Finally, Webb argues the statute "violates substantive due process because it arbitrarily and capriciously prohibits the kind of individual sentencing typical of the modern criminal justice system, except in a very limited number of cases . . . ." In other words, Webb maintains that mandatory minimum sentences negatively affect the fair administration of justice. He asserts that sentencing should be left to judicial discretion and not placed into the hands of the Legislature, which at least through this statute, has imposed unfair and arbitrary sentencing classifications. He alleges that statutes which impose mandatory minimum sentences generally deny the judge the legal power to depart and give a lesser sentence, no matter how unusual the special circumstances that call for leniency and, in reality, basically transfer sentencing power to prosecutors, who can determine sentences through the charges they decide to bring against the offender. However, a review of the record demonstrates this is a case where the District Court analyzed the exception found at § 46-18-222(3), MCA, and found it did not apply to Webb.

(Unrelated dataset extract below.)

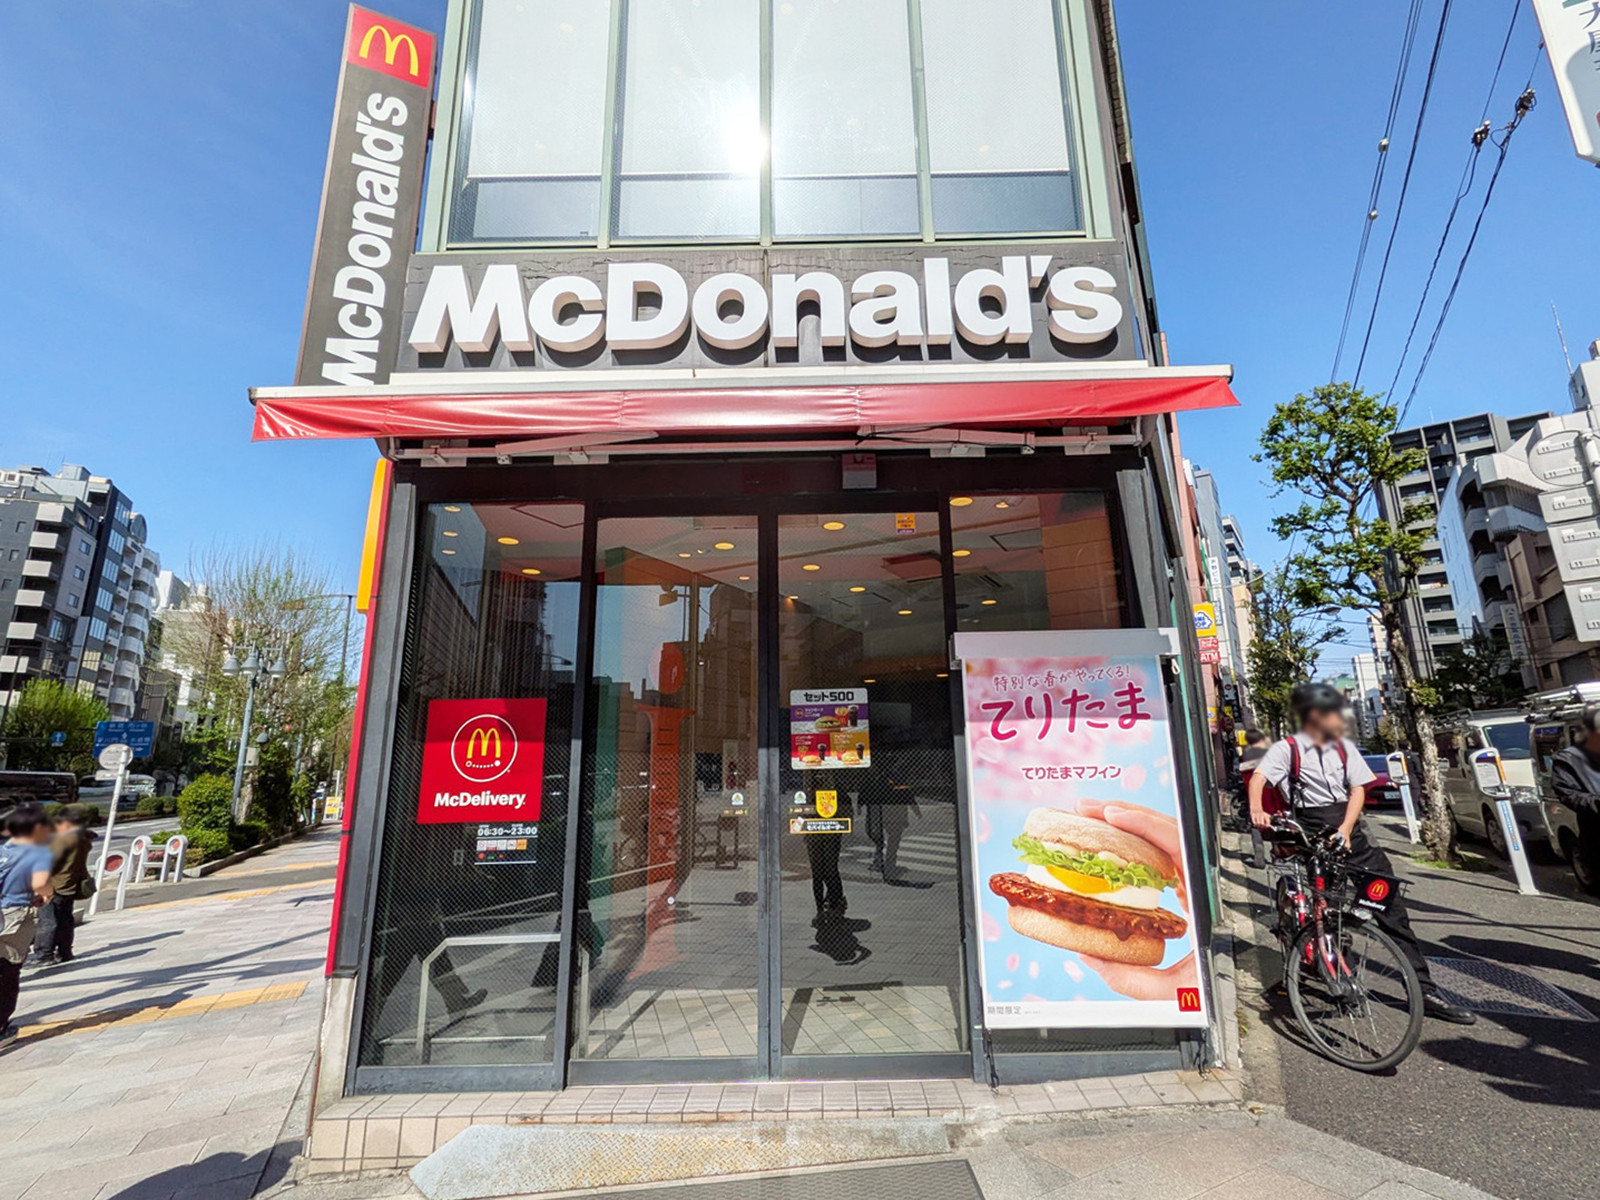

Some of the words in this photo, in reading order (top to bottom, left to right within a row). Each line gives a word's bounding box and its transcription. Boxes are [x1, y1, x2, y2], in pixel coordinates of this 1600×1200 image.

We conclude the sentencing court correctly interpreted § 46-18-219, MCA, and afforded Webb due process when it sentenced him within the statutory sentencing limits to life in prison without the possibility of parole.


ISSUE THREE


Whether the mandatory minimum sentence set forth in § 46-18-219, MCA, violates the prohibition against cruel and unusual punishment under Article II, Section 22, of the Montana Constitution both on its face and as applied.


Webb argues the mandatory minimum sentence set forth in § 46-18-219, MCA, violates the prohibition against cruel and unusual punishment because, although it falls within the statutory maximum, it is so disproportionate to the crime that it shocks the conscience and outrages the moral sense of the community or of justice. See State v. Tadewaldt (1996), 277 Mont. 261, 270-71, 922 P.2d 463, 469. He asserts this is particularly true because the statute does not give him an opportunity for parole, even if he rehabilitates himself. The statute, Webb contends, is cruel and unusual in that, once rehabilitated, it does not allow him an opportunity to return to the community.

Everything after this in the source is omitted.